Exercise description:
Verbatim copy without pictures. Please print every entry as it stands.

Given records:

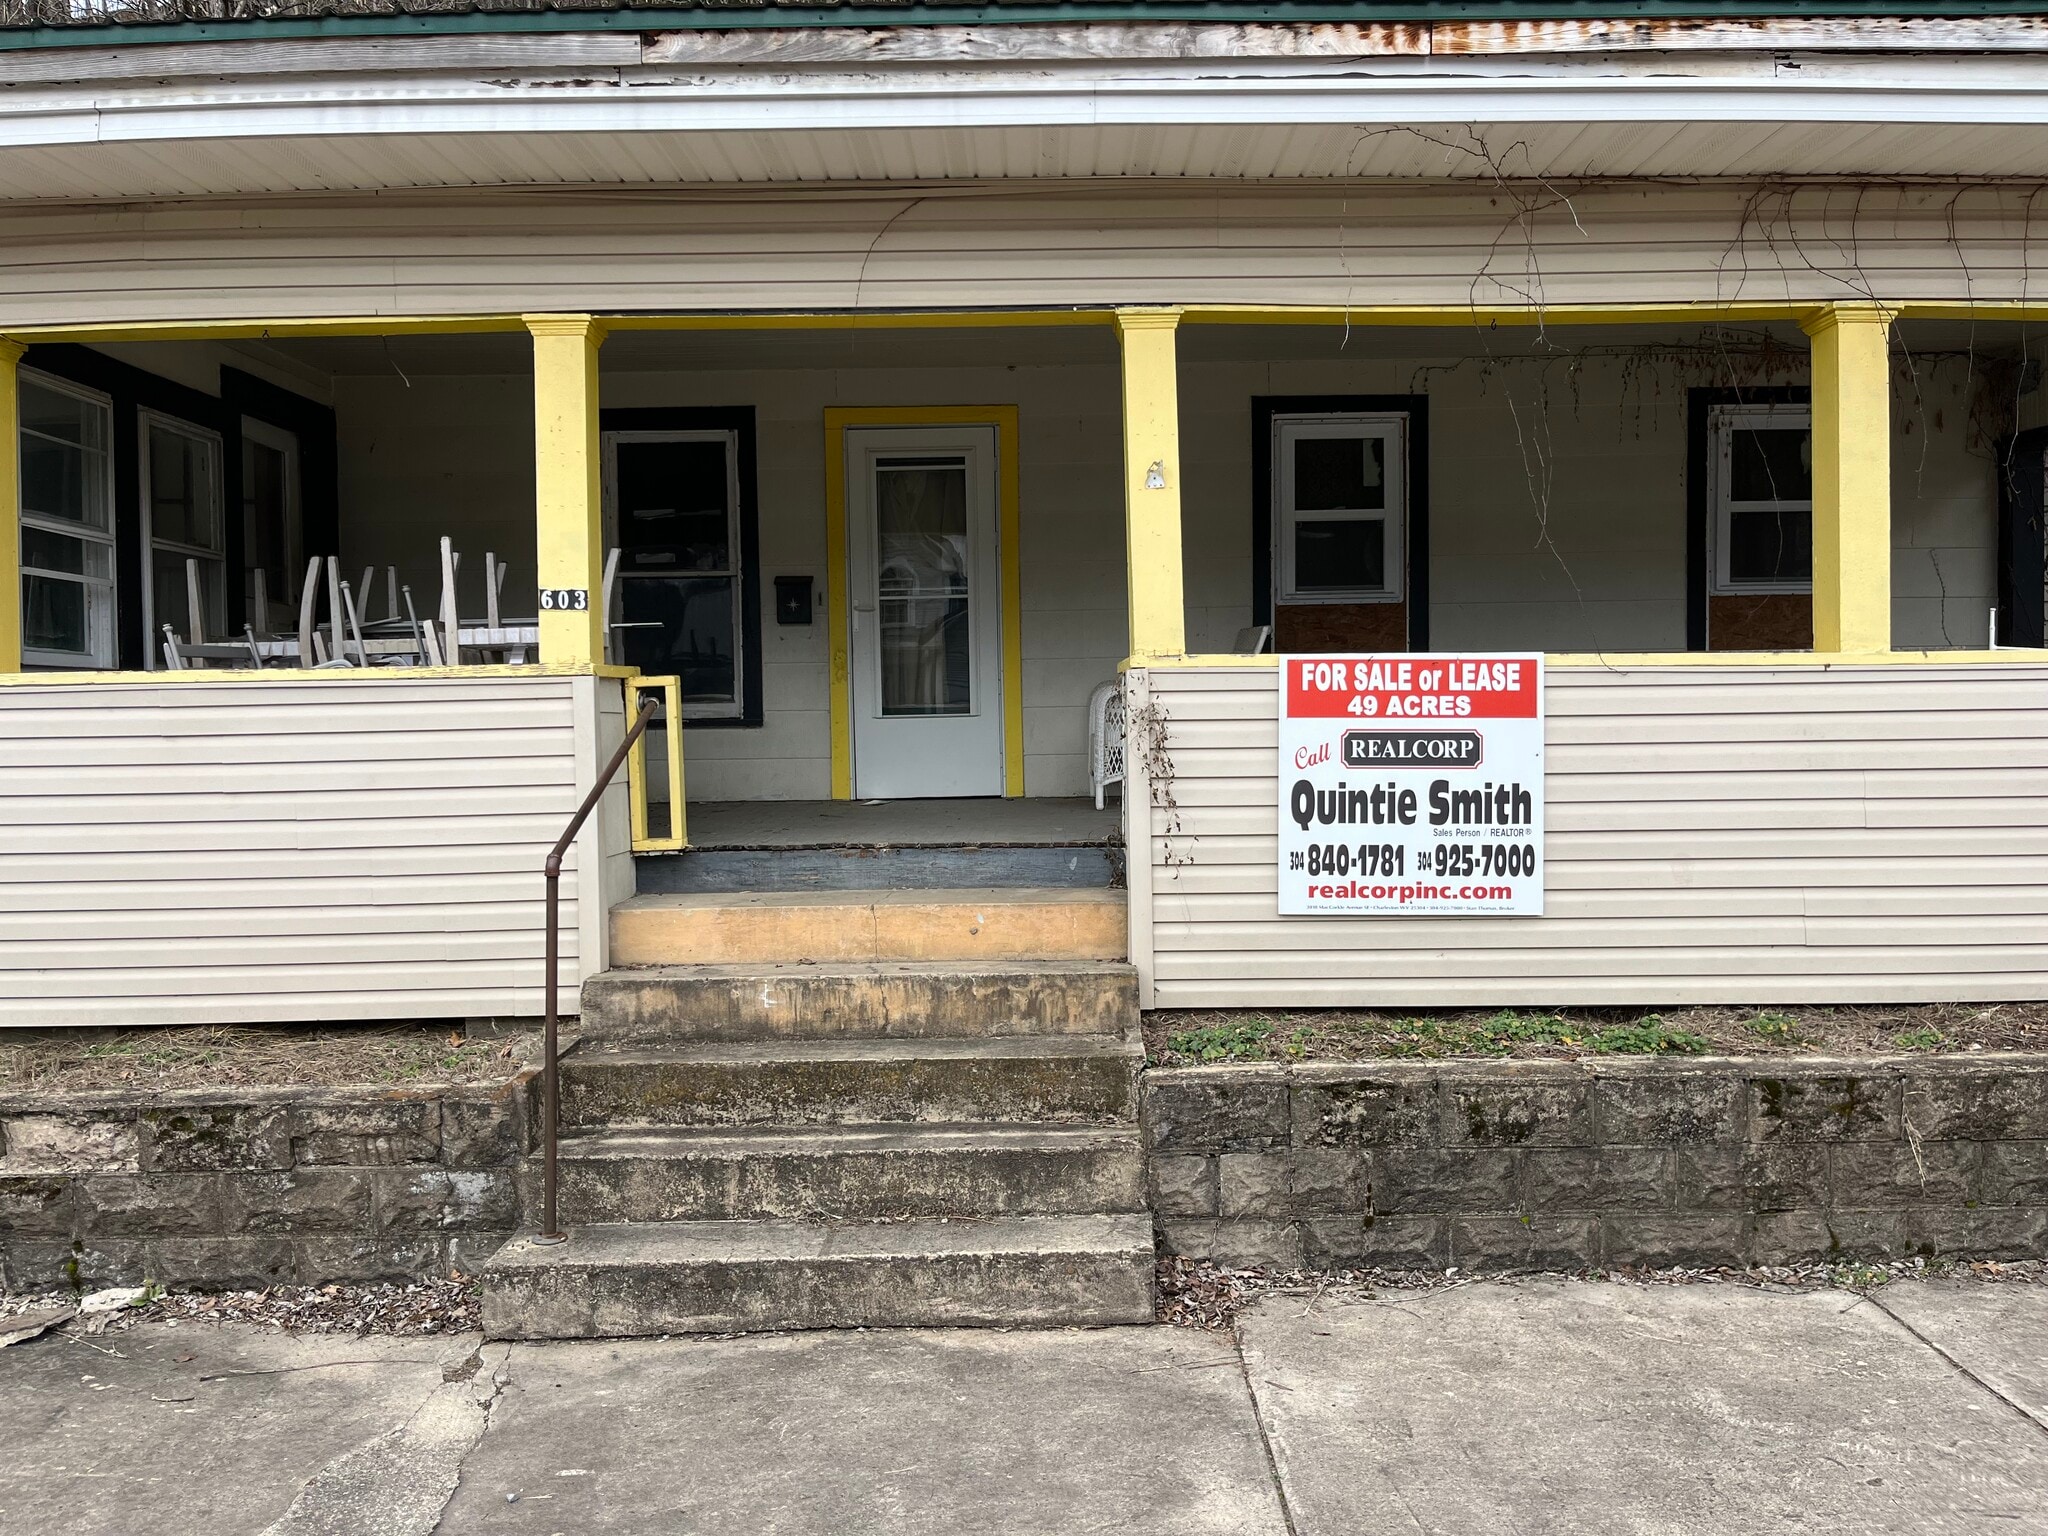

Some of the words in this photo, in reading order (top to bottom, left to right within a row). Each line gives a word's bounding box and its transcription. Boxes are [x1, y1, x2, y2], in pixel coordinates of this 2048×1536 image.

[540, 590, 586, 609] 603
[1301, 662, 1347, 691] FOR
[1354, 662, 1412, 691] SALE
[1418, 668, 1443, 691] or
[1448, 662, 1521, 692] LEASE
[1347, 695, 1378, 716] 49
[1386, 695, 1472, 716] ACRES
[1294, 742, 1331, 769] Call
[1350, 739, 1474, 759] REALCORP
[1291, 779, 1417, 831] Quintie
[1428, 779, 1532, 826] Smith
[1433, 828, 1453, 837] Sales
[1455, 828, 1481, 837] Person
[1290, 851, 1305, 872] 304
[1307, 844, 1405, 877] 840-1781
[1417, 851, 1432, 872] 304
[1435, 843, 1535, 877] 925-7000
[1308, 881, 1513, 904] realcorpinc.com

Result of the task:
Some of the words in this photo, in reading order (top to bottom, left to right within a row). Each line gives a word's bounding box and its transcription. Boxes are [x1, y1, x2, y2], in pixel coordinates of this 2048×1536 image.

[540, 590, 586, 609] 603
[1301, 662, 1347, 691] FOR
[1354, 662, 1412, 691] SALE
[1418, 668, 1443, 691] or
[1448, 662, 1521, 692] LEASE
[1347, 695, 1378, 716] 49
[1386, 695, 1472, 716] ACRES
[1294, 742, 1331, 769] Call
[1350, 739, 1474, 759] REALCORP
[1291, 779, 1417, 831] Quintie
[1428, 779, 1532, 826] Smith
[1433, 828, 1453, 837] Sales
[1455, 828, 1481, 837] Person
[1290, 851, 1305, 872] 304
[1307, 844, 1405, 877] 840-1781
[1417, 851, 1432, 872] 304
[1435, 843, 1535, 877] 925-7000
[1308, 881, 1513, 904] realcorpinc.com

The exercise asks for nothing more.